Indian film director and screenwriter

M. R. Vittal (19 July 1908 - 26 Nov 1996) was an Indian film director and screenwriter who worked primarily Kannada cinema. He directed over 18 films in his career, with most of them being very successful and attaining a cult status. In a career spanning two decades, Vittal won three National Award and three Karnataka State Awards for his films.

Vittal is considered one of the "doyens" of Kannada cinema and is considered to have "carved a niche in the Kannada film industry by exhibiting a rare insight and boldness" while selecting the themes for his films.
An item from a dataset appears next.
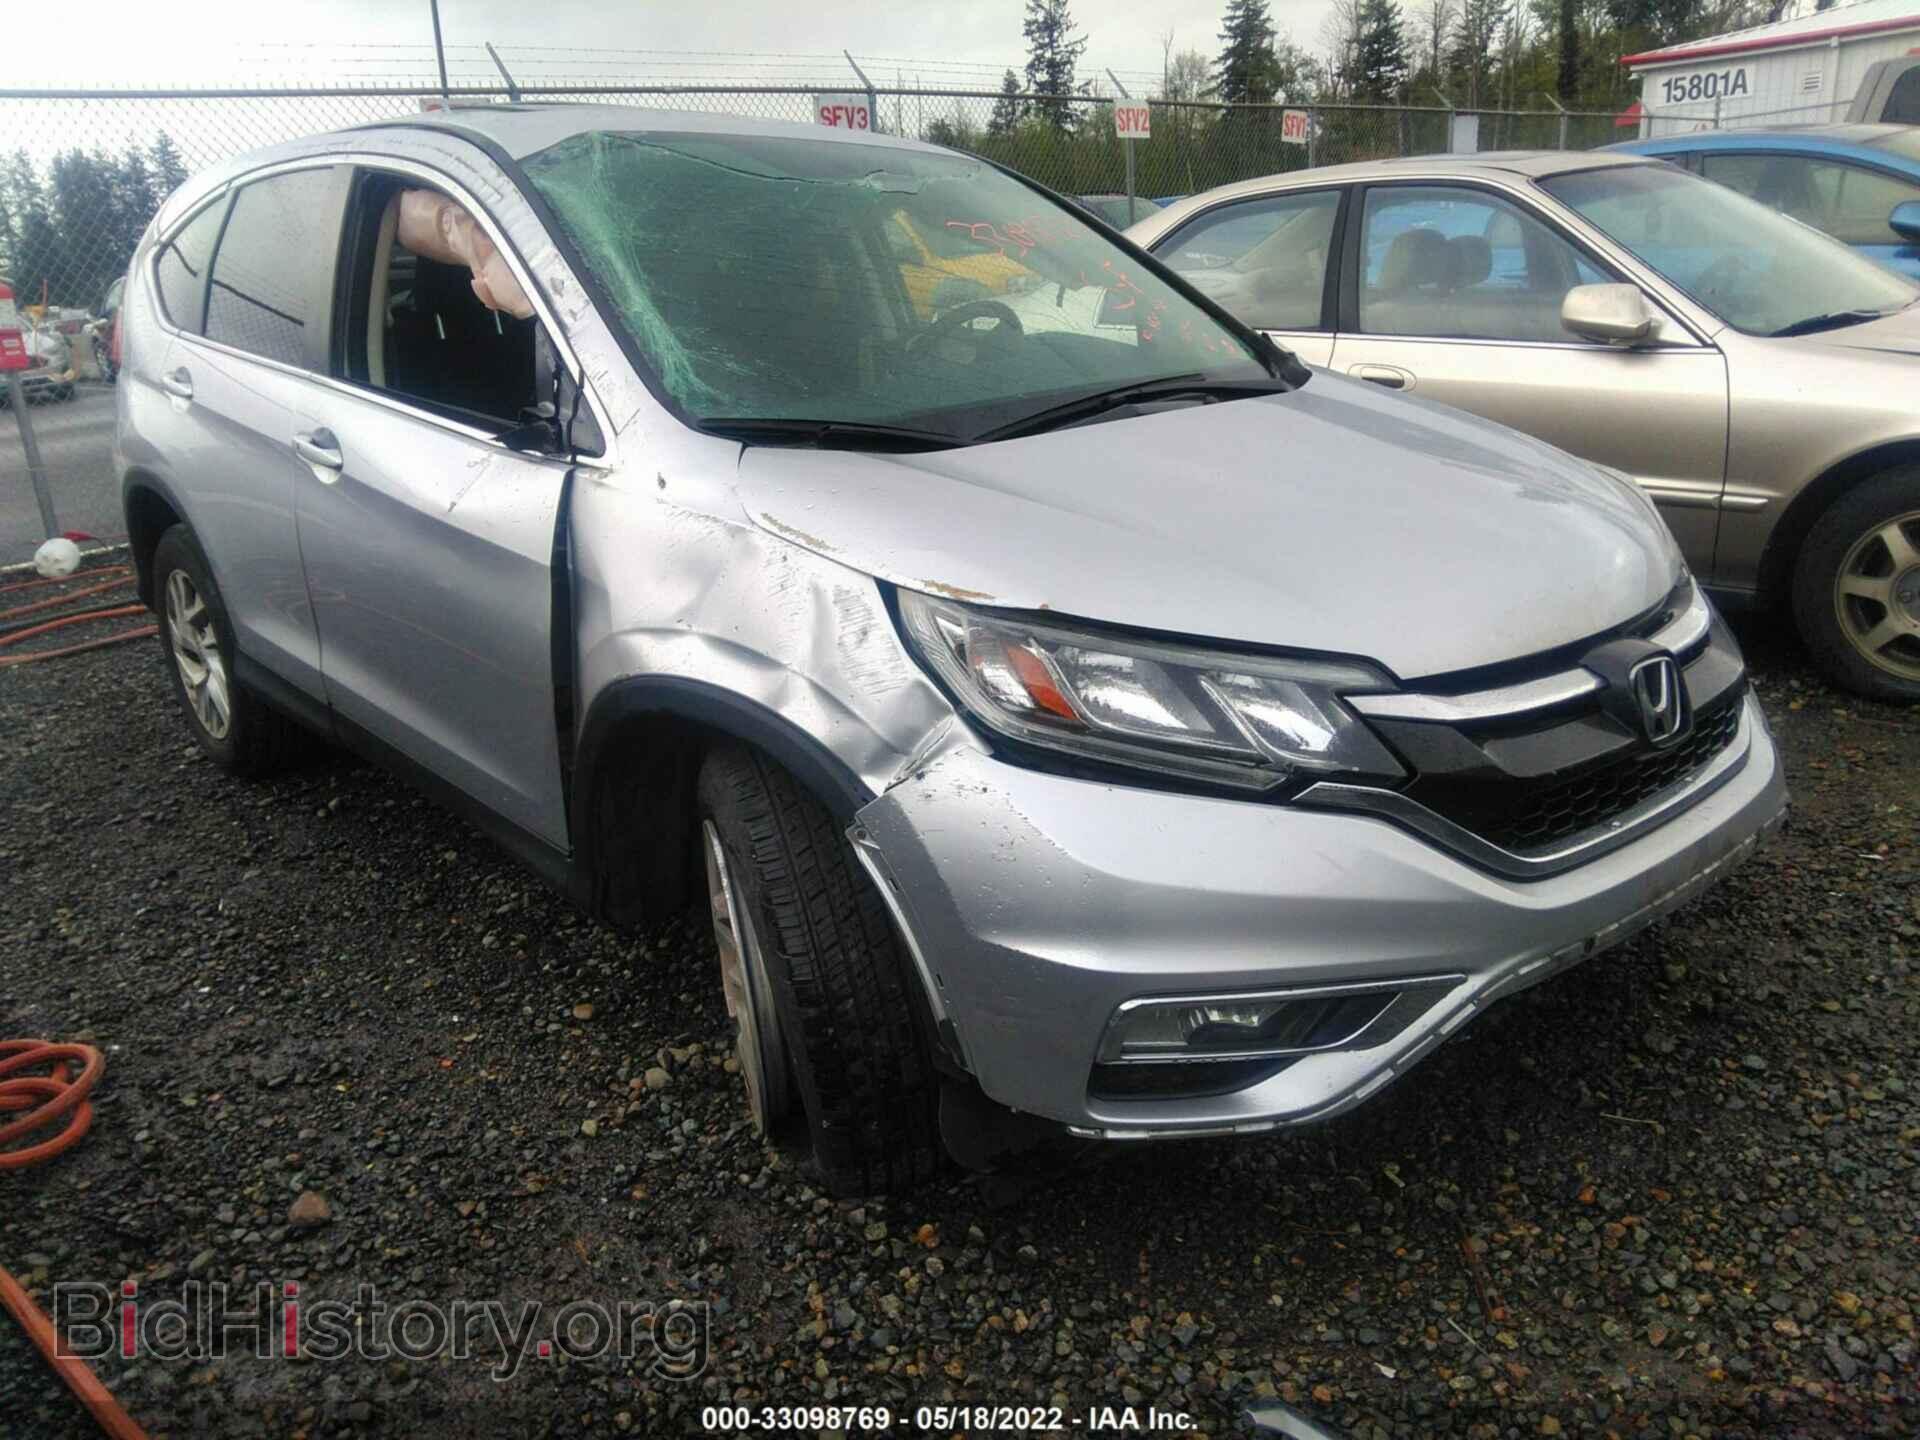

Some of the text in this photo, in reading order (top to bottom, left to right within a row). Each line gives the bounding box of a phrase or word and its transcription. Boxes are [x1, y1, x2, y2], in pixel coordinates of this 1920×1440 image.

Most of his films were based on novels written by eminent scholars. Popular directors such as K. S. L. Swamy and K. V. Jayaram worked as assistant directors under the guidance of Vittal.

==Career==
Midway through the shoot of Dharma Vijaya (1959), Vittal assumed the responsibilities of directing the movie and completed the shoot but refused to be credited as the director. Similarly, when his friend B. Vittalacharya suffered from typhoid and was unable to complete the shoot of Veera Kesari (1963), he completed the major portion of the shoot including the immensely popular Mellusire Savigana song but refused to be credited as the director. His official first directorial project was the 1963 movie Nanda Deepa. The film starred Rajkumar and Harini and was produced by Vadiraj. Upon release, the film received rave reviews and went on to be considered "an all-time classic" in the history of Kannada cinema. The success got enhanced with the film receiving the prestigious National Film Award for Best Feature Film in Kannada at the 10th National Film Awards. Following this, his next film Mangala Muhurta was released in 1964. This film won the Certificate of Merit for the Second Best Feature Film at the 11th National Film Awards.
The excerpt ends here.